What happened?  Did'nt work on those African skeeters?


----------



## Nicodemus (Jul 1, 2006)

bull0ne said:
			
		

> What happened?  Did'nt work on those African skeeters?


----------



## Jorge (Jul 1, 2006)

bull0ne said:
			
		

> What happened?  Did'nt work on those African skeeters?


  I imagine they would. There were no skeeters where I was (no water), at least not many. However, I doubt you would be able to carry the butane canister on the plane. They won't even allow Bic lighters anymore.

I bet a man could get rich selling those things over there for a premium.


----------



## beginnersluck (Jul 1, 2006)

As I've said before...best $25 you'll ever spend!


----------



## Predator56 (Jul 4, 2006)

worth it


----------



## Rockytop (Jul 4, 2006)

The BEST $24.95 I have ever spent. I will not go in the woods doe turkey or early season deer without it. I had deer right under my 15' ladder many times last season and the never smelled it.
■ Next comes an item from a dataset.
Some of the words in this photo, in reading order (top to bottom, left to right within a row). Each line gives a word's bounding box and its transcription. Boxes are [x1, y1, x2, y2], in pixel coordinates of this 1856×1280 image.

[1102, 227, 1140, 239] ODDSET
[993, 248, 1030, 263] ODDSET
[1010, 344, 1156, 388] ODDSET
A great invention.


----------



## SWAMPFOX (Jul 4, 2006)

I have two. They work good. They make good gifts for outdoor friends and relatives.


----------



## roadkill (Jul 4, 2006)

Hogtown said:
			
		

> Rob, over the past year there have several people post threads asking the same question. I can summarize the responses for you:  Buy one right now - not tomorrow - now. You will not regret it and you will never purposely hunt in hot weather again without it.



A word of advice, stock up on the refills now!  Come deer season they'll be gone!


----------



## quailchaser (Jul 5, 2006)

roadkill said:
			
		

> A word of advice, stock up on the refills now!  Come deer season they'll be gone!



Yea, and get the refill package for $19.99 that has four butane canisters and twelve pads. That is the best deal going and it saves you a few bucks.


----------



## slightly grayling (Jul 5, 2006)

I have never used one hunting, but I will from now on.....I picked one up Saturday to help keep the mosquitoes off my kids whil watching Fireworks.....it worked like a charm!  





			
				Robk said:
			
		

> Anyone use em? Worth the money?
> 
> 
> Rob


----------



## SmokyMtnSmoke (Jul 5, 2006)

*Where???*



			
				quailchaser said:
			
		

> Yea, and get the refill package for $19.99 that has four butane canisters and twelve pads. That is the best deal going and it saves you a few bucks.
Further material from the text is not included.